- **Work order**
Here are some entries. Repeat all of them exactly.

- **Records shown**
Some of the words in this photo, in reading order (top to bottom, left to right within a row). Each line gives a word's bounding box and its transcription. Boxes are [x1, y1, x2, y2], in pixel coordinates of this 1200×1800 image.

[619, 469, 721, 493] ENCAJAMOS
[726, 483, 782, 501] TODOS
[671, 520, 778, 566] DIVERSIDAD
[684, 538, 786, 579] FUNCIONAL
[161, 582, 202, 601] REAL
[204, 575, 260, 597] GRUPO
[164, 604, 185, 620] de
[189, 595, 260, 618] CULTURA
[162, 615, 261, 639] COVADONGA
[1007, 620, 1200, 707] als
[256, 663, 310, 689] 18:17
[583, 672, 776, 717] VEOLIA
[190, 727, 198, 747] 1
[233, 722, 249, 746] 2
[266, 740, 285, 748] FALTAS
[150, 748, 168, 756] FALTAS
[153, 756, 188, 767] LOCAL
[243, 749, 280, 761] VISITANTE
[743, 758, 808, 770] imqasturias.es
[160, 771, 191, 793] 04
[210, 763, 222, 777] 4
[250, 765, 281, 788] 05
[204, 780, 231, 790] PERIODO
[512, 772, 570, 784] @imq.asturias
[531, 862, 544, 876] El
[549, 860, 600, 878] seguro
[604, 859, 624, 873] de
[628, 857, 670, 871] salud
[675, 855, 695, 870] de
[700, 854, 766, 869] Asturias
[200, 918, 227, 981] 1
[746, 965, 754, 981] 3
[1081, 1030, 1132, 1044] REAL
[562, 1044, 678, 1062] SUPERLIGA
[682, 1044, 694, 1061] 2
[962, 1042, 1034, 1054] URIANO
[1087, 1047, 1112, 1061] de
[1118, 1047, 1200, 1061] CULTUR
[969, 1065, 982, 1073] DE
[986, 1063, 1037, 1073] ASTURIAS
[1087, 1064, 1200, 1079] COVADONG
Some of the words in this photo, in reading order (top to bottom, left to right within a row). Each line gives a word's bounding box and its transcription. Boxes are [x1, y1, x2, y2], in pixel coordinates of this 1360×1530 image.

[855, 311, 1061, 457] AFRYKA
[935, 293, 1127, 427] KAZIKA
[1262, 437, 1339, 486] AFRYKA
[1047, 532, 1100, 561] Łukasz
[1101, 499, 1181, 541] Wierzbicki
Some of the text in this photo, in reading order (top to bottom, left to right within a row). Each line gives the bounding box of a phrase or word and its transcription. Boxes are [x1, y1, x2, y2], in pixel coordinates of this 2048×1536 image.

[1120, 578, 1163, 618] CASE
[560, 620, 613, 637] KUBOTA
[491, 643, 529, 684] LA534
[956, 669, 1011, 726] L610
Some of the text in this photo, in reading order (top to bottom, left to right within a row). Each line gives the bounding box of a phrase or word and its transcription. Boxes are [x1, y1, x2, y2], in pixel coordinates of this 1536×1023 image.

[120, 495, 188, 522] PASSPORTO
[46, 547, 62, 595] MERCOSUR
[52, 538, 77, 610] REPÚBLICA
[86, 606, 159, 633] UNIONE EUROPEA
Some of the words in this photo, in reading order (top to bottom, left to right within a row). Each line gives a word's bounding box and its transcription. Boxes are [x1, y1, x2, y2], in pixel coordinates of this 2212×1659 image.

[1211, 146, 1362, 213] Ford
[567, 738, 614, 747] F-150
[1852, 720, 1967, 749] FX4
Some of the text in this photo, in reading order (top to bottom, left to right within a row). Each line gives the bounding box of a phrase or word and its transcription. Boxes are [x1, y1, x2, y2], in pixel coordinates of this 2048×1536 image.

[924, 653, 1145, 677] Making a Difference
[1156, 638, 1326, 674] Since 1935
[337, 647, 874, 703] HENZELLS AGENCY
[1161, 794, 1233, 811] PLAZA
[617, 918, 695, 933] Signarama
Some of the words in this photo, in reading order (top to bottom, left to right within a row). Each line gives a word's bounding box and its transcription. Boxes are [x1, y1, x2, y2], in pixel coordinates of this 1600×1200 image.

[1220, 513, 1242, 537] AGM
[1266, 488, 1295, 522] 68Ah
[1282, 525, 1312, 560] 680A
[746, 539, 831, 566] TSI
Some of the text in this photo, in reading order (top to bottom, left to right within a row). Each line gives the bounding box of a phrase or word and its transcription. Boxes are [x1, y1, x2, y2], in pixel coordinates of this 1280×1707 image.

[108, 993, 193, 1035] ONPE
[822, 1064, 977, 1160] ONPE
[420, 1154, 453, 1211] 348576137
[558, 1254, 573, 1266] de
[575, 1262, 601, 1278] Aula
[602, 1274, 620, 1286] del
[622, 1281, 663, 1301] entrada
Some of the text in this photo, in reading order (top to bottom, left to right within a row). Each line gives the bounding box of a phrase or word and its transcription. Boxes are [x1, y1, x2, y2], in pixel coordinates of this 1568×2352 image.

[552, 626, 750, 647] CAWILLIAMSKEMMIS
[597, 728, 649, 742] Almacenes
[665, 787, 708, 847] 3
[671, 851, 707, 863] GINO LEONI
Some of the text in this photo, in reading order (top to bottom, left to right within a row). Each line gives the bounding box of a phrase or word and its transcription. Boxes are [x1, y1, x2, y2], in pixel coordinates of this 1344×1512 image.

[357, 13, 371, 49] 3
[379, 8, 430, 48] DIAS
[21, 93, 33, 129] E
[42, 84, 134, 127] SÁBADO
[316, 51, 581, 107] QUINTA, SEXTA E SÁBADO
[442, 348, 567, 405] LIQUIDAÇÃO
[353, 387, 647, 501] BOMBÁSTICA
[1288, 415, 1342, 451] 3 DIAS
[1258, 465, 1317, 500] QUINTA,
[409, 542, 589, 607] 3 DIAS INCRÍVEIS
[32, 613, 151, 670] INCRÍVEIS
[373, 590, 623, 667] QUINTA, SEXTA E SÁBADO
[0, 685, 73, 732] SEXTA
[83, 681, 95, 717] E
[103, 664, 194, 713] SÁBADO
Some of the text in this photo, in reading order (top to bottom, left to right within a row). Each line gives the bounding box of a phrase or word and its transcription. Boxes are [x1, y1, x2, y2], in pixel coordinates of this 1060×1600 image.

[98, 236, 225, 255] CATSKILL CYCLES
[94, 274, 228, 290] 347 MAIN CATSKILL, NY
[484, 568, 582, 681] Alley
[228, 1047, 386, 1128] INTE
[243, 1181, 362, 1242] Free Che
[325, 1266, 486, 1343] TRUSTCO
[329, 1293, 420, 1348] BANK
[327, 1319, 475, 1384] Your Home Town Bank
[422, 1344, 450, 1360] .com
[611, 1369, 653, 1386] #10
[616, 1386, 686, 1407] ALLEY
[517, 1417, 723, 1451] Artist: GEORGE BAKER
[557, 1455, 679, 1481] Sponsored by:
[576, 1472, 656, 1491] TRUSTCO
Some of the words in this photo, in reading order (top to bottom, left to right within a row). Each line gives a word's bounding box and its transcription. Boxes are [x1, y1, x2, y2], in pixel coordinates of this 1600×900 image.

- **Problem solution**
Some of the words in this photo, in reading order (top to bottom, left to right within a row). Each line gives a word's bounding box and its transcription. Boxes are [x1, y1, x2, y2], in pixel coordinates of this 1200×1800 image.

[619, 469, 721, 493] ENCAJAMOS
[726, 483, 782, 501] TODOS
[671, 520, 778, 566] DIVERSIDAD
[684, 538, 786, 579] FUNCIONAL
[161, 582, 202, 601] REAL
[204, 575, 260, 597] GRUPO
[164, 604, 185, 620] de
[189, 595, 260, 618] CULTURA
[162, 615, 261, 639] COVADONGA
[1007, 620, 1200, 707] als
[256, 663, 310, 689] 18:17
[583, 672, 776, 717] VEOLIA
[190, 727, 198, 747] 1
[233, 722, 249, 746] 2
[266, 740, 285, 748] FALTAS
[150, 748, 168, 756] FALTAS
[153, 756, 188, 767] LOCAL
[243, 749, 280, 761] VISITANTE
[743, 758, 808, 770] imqasturias.es
[160, 771, 191, 793] 04
[210, 763, 222, 777] 4
[250, 765, 281, 788] 05
[204, 780, 231, 790] PERIODO
[512, 772, 570, 784] @imq.asturias
[531, 862, 544, 876] El
[549, 860, 600, 878] seguro
[604, 859, 624, 873] de
[628, 857, 670, 871] salud
[675, 855, 695, 870] de
[700, 854, 766, 869] Asturias
[200, 918, 227, 981] 1
[746, 965, 754, 981] 3
[1081, 1030, 1132, 1044] REAL
[562, 1044, 678, 1062] SUPERLIGA
[682, 1044, 694, 1061] 2
[962, 1042, 1034, 1054] URIANO
[1087, 1047, 1112, 1061] de
[1118, 1047, 1200, 1061] CULTUR
[969, 1065, 982, 1073] DE
[986, 1063, 1037, 1073] ASTURIAS
[1087, 1064, 1200, 1079] COVADONG
Some of the words in this photo, in reading order (top to bottom, left to right within a row). Each line gives a word's bounding box and its transcription. Boxes are [x1, y1, x2, y2], in pixel coordinates of this 1360×1530 image.

[855, 311, 1061, 457] AFRYKA
[935, 293, 1127, 427] KAZIKA
[1262, 437, 1339, 486] AFRYKA
[1047, 532, 1100, 561] Łukasz
[1101, 499, 1181, 541] Wierzbicki
Some of the text in this photo, in reading order (top to bottom, left to right within a row). Each line gives the bounding box of a phrase or word and its transcription. Boxes are [x1, y1, x2, y2], in pixel coordinates of this 2048×1536 image.

[1120, 578, 1163, 618] CASE
[560, 620, 613, 637] KUBOTA
[491, 643, 529, 684] LA534
[956, 669, 1011, 726] L610
Some of the text in this photo, in reading order (top to bottom, left to right within a row). Each line gives the bounding box of a phrase or word and its transcription. Boxes are [x1, y1, x2, y2], in pixel coordinates of this 1536×1023 image.

[120, 495, 188, 522] PASSPORTO
[46, 547, 62, 595] MERCOSUR
[52, 538, 77, 610] REPÚBLICA
[86, 606, 159, 633] UNIONE EUROPEA
Some of the words in this photo, in reading order (top to bottom, left to right within a row). Each line gives a word's bounding box and its transcription. Boxes are [x1, y1, x2, y2], in pixel coordinates of this 2212×1659 image.

[1211, 146, 1362, 213] Ford
[567, 738, 614, 747] F-150
[1852, 720, 1967, 749] FX4
Some of the text in this photo, in reading order (top to bottom, left to right within a row). Each line gives the bounding box of a phrase or word and its transcription. Boxes are [x1, y1, x2, y2], in pixel coordinates of this 2048×1536 image.

[924, 653, 1145, 677] Making a Difference
[1156, 638, 1326, 674] Since 1935
[337, 647, 874, 703] HENZELLS AGENCY
[1161, 794, 1233, 811] PLAZA
[617, 918, 695, 933] Signarama
Some of the words in this photo, in reading order (top to bottom, left to right within a row). Each line gives a word's bounding box and its transcription. Boxes are [x1, y1, x2, y2], in pixel coordinates of this 1600×1200 image.

[1220, 513, 1242, 537] AGM
[1266, 488, 1295, 522] 68Ah
[1282, 525, 1312, 560] 680A
[746, 539, 831, 566] TSI
Some of the text in this photo, in reading order (top to bottom, left to right within a row). Each line gives the bounding box of a phrase or word and its transcription. Boxes are [x1, y1, x2, y2], in pixel coordinates of this 1280×1707 image.

[108, 993, 193, 1035] ONPE
[822, 1064, 977, 1160] ONPE
[420, 1154, 453, 1211] 348576137
[558, 1254, 573, 1266] de
[575, 1262, 601, 1278] Aula
[602, 1274, 620, 1286] del
[622, 1281, 663, 1301] entrada
Some of the text in this photo, in reading order (top to bottom, left to right within a row). Each line gives the bounding box of a phrase or word and its transcription. Boxes are [x1, y1, x2, y2], in pixel coordinates of this 1568×2352 image.

[552, 626, 750, 647] CAWILLIAMSKEMMIS
[597, 728, 649, 742] Almacenes
[665, 787, 708, 847] 3
[671, 851, 707, 863] GINO LEONI
Some of the text in this photo, in reading order (top to bottom, left to right within a row). Each line gives the bounding box of a phrase or word and its transcription. Boxes are [x1, y1, x2, y2], in pixel coordinates of this 1344×1512 image.

[357, 13, 371, 49] 3
[379, 8, 430, 48] DIAS
[21, 93, 33, 129] E
[42, 84, 134, 127] SÁBADO
[316, 51, 581, 107] QUINTA, SEXTA E SÁBADO
[442, 348, 567, 405] LIQUIDAÇÃO
[353, 387, 647, 501] BOMBÁSTICA
[1288, 415, 1342, 451] 3 DIAS
[1258, 465, 1317, 500] QUINTA,
[409, 542, 589, 607] 3 DIAS INCRÍVEIS
[32, 613, 151, 670] INCRÍVEIS
[373, 590, 623, 667] QUINTA, SEXTA E SÁBADO
[0, 685, 73, 732] SEXTA
[83, 681, 95, 717] E
[103, 664, 194, 713] SÁBADO
Some of the text in this photo, in reading order (top to bottom, left to right within a row). Each line gives the bounding box of a phrase or word and its transcription. Boxes are [x1, y1, x2, y2], in pixel coordinates of this 1060×1600 image.

[98, 236, 225, 255] CATSKILL CYCLES
[94, 274, 228, 290] 347 MAIN CATSKILL, NY
[484, 568, 582, 681] Alley
[228, 1047, 386, 1128] INTE
[243, 1181, 362, 1242] Free Che
[325, 1266, 486, 1343] TRUSTCO
[329, 1293, 420, 1348] BANK
[327, 1319, 475, 1384] Your Home Town Bank
[422, 1344, 450, 1360] .com
[611, 1369, 653, 1386] #10
[616, 1386, 686, 1407] ALLEY
[517, 1417, 723, 1451] Artist: GEORGE BAKER
[557, 1455, 679, 1481] Sponsored by:
[576, 1472, 656, 1491] TRUSTCO
Some of the words in this photo, in reading order (top to bottom, left to right within a row). Each line gives a word's bounding box and its transcription. Boxes are [x1, y1, x2, y2], in pixel coordinates of this 1600×900 image.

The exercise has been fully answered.